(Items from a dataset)

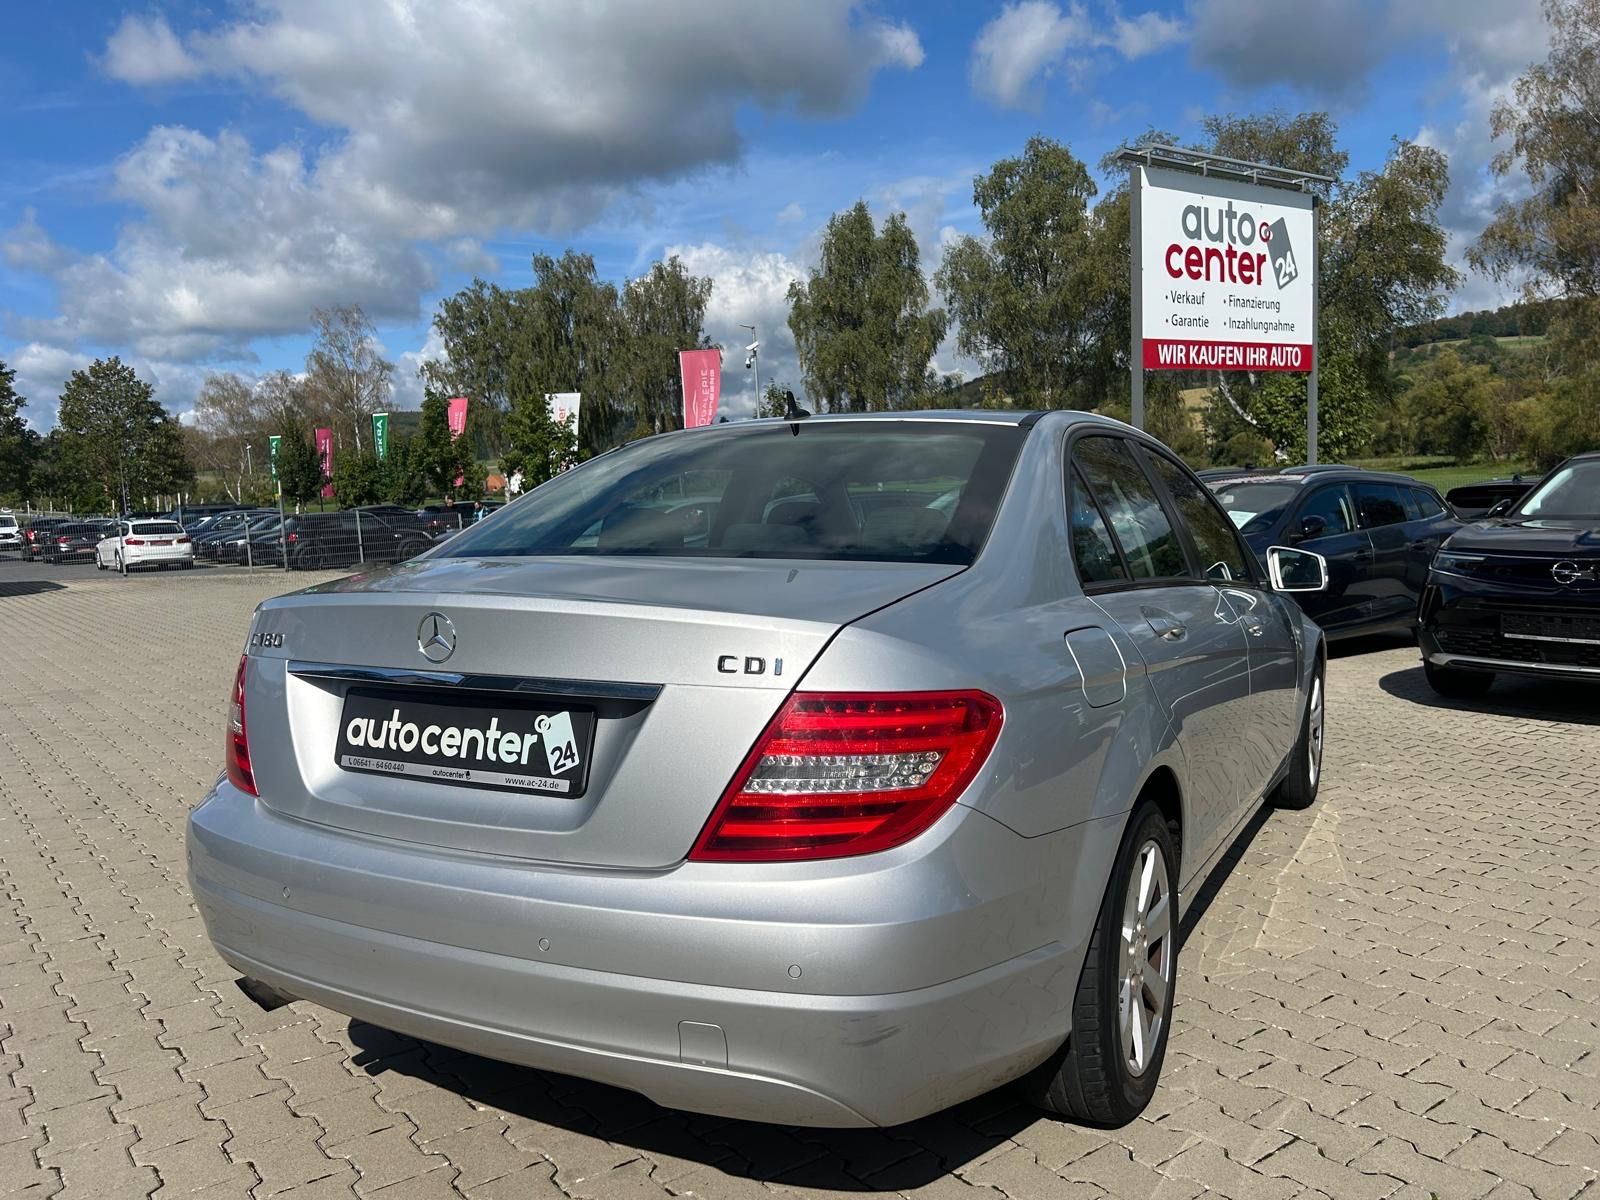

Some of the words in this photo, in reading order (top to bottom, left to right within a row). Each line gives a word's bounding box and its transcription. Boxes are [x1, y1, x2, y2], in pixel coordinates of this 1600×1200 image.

[1181, 200, 1256, 246] auto
[1165, 242, 1266, 286] center
[1275, 251, 1296, 282] 24
[1170, 290, 1205, 306] Verkauf
[1228, 294, 1281, 313] Finanzierung
[1171, 313, 1209, 328] Garantie
[1228, 317, 1295, 334] Inzahlungnahme
[1157, 344, 1187, 365] WIR
[1189, 345, 1243, 366] KAUFEN
[1246, 346, 1268, 366] IHR
[1269, 346, 1302, 367] AUTO
[717, 655, 783, 676] CDI
[346, 709, 538, 765] autocenter
[352, 757, 371, 768] 06641
[550, 741, 576, 772] 24
[432, 769, 465, 779] autocenter
[504, 777, 560, 790] www.ac-24.de
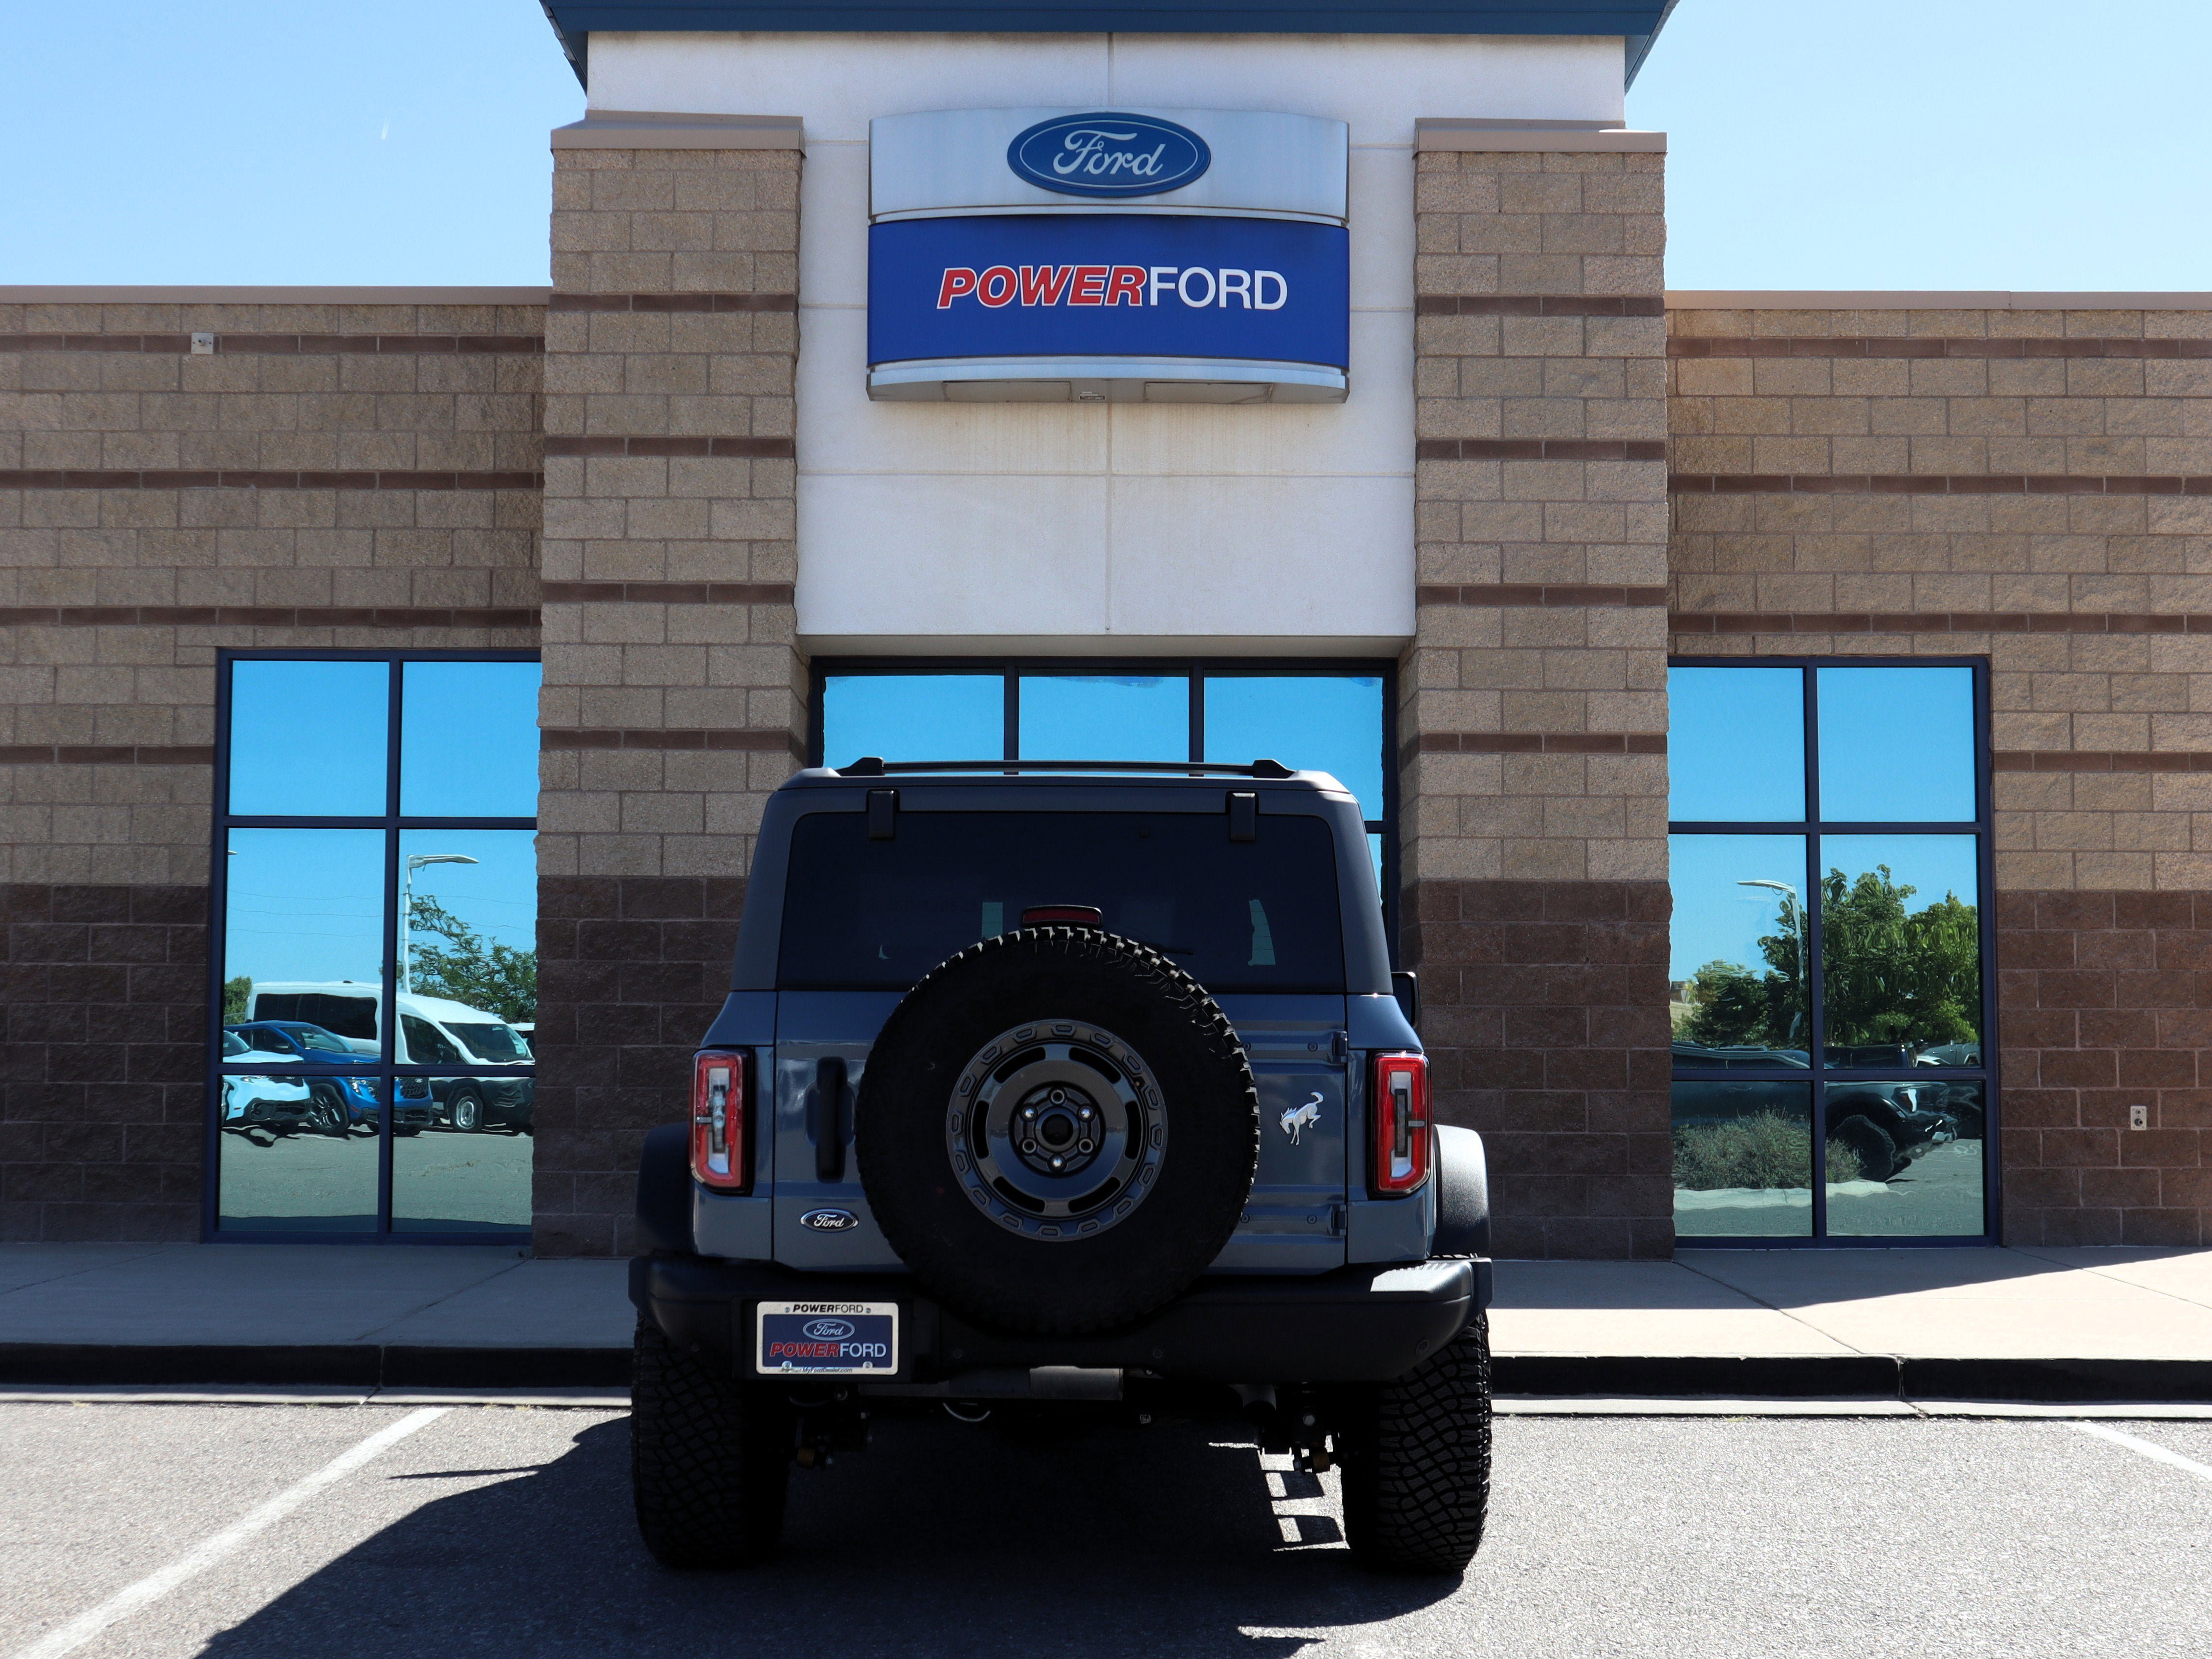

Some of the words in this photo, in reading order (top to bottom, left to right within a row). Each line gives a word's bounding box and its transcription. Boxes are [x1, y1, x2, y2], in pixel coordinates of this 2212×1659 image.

» **WHAT IS NEEDED**
Transcribe the records above exactly, leaving out every picture.

» **RESPONSE BELOW**
Some of the words in this photo, in reading order (top to bottom, left to right within a row). Each line gives a word's bounding box and its transcription. Boxes are [x1, y1, x2, y2], in pixel coordinates of this 1600×1200 image.

[1181, 200, 1256, 246] auto
[1165, 242, 1266, 286] center
[1275, 251, 1296, 282] 24
[1170, 290, 1205, 306] Verkauf
[1228, 294, 1281, 313] Finanzierung
[1171, 313, 1209, 328] Garantie
[1228, 317, 1295, 334] Inzahlungnahme
[1157, 344, 1187, 365] WIR
[1189, 345, 1243, 366] KAUFEN
[1246, 346, 1268, 366] IHR
[1269, 346, 1302, 367] AUTO
[717, 655, 783, 676] CDI
[346, 709, 538, 765] autocenter
[352, 757, 371, 768] 06641
[550, 741, 576, 772] 24
[432, 769, 465, 779] autocenter
[504, 777, 560, 790] www.ac-24.de

Some of the words in this photo, in reading order (top to bottom, left to right within a row). Each line gives a word's bounding box and its transcription. Boxes are [x1, y1, x2, y2], in pixel coordinates of this 2212×1659 image.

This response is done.